Many children enjoy playing with dominoes – the little black and white rectangles that are stacked on end in long lines and then tipped over, one after the other. The physics of this chain reaction is fascinating, and it’s helped give rise to the term “the domino effect,” used to describe situations where one event has much larger-than-expected consequences for other events.
Lily Hevesh was 9 years old when she began collecting and building dominoes, and by the time she was 14, her set had grown to hundreds of thousands of pieces. She now creates mind-blowing domino installations, and has amassed more than 2 million YouTube subscribers watching her creations come to life. When she starts a new project, Hevesh begins by considering the theme or purpose of the installation and brainstorming images or words that might be useful for the design.
The dominoes in a set, also known as bones, cards, men or tiles, are normally twice as wide as they are tall. Each has an identity-bearing side, called an end, and a blank or identically patterned side. The dominoes’ identifying marks, or pips, are typically an arrangement of dots similar to those on a die; some of the pips are colored (black, white, or both) while others are bare, or “blank.” A set may be made of any number of different materials. Sets that are made of natural materials such as bone, silver lip ocean pearl oyster shell (mother-of-pearl), ivory or a dark hardwood such as ebony, have a more elegant look and feel.
Dominoes are most commonly used to play positional games. The players take turns placing a domino edge-to-edge against another in such a way that the adjacent sides match, either by identical values or by forming some specified total value.
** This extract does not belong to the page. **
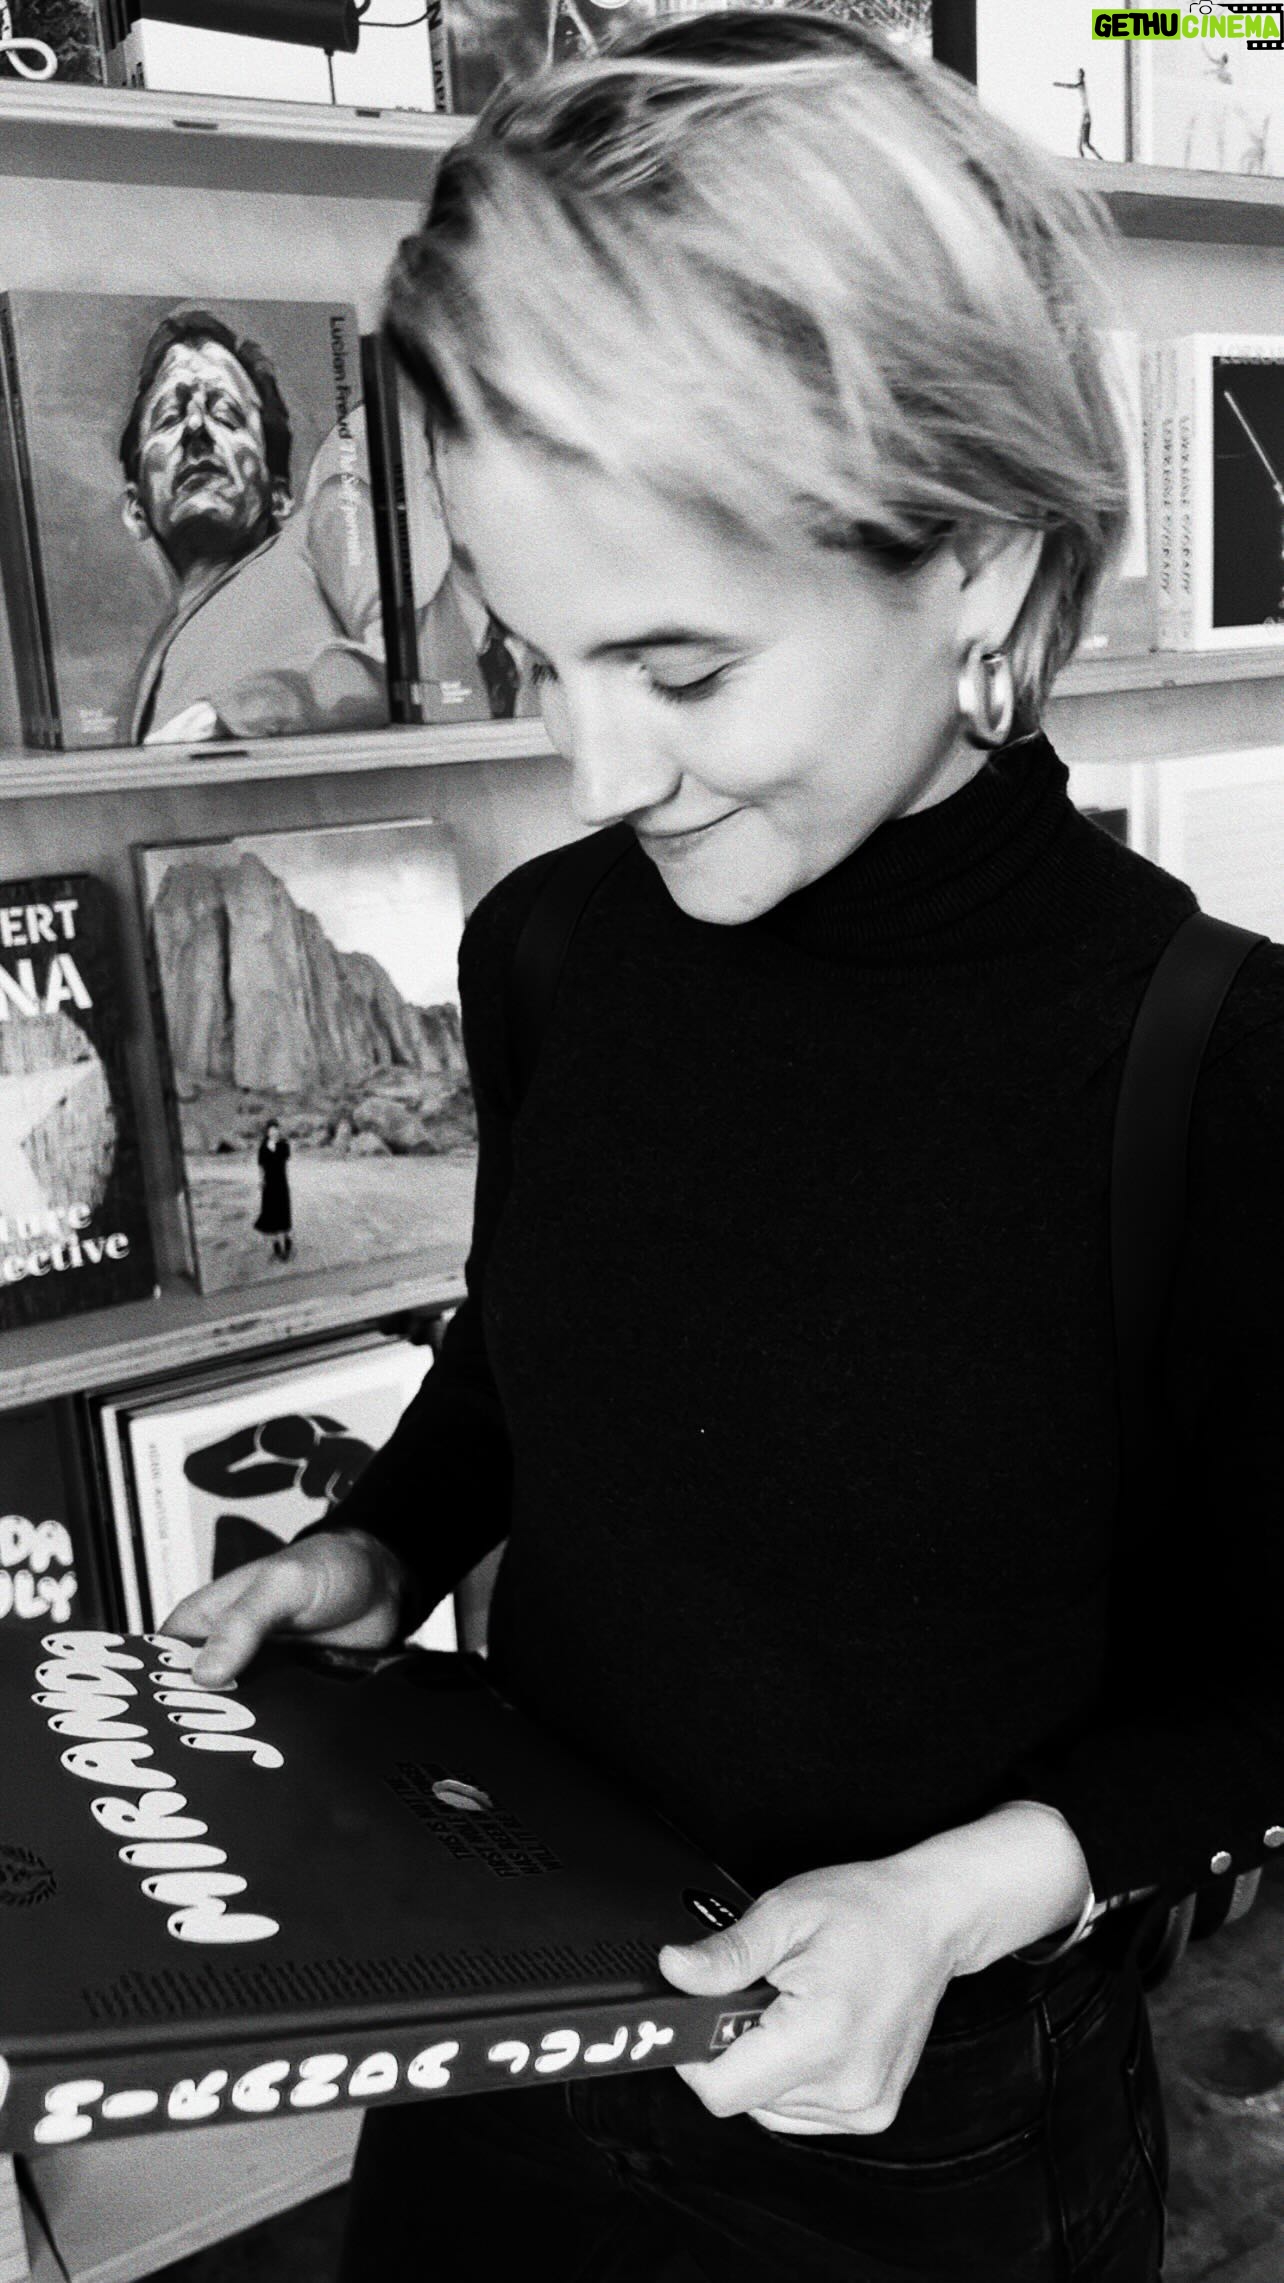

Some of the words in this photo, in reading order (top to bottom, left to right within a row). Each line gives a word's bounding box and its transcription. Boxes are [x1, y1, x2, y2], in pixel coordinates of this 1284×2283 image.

Dominoes can also be used to play solitaire and trick-taking games that were once popular in certain places to circumvent religious prohibitions against the use of cards.
Dominoes can be arranged in many ways, including a simple straight or curved line. They can be stacked in a circle, into a spiral, or into other shapes. In addition to being fun for kids and adults, the pieces can be used to make artistic designs. In fact, professional domino artists compete to build the most impressive domino effect or reaction in front of an audience. Some of these designs are truly astonishing, and they can take a few nail-biting minutes for the entire installation to fall.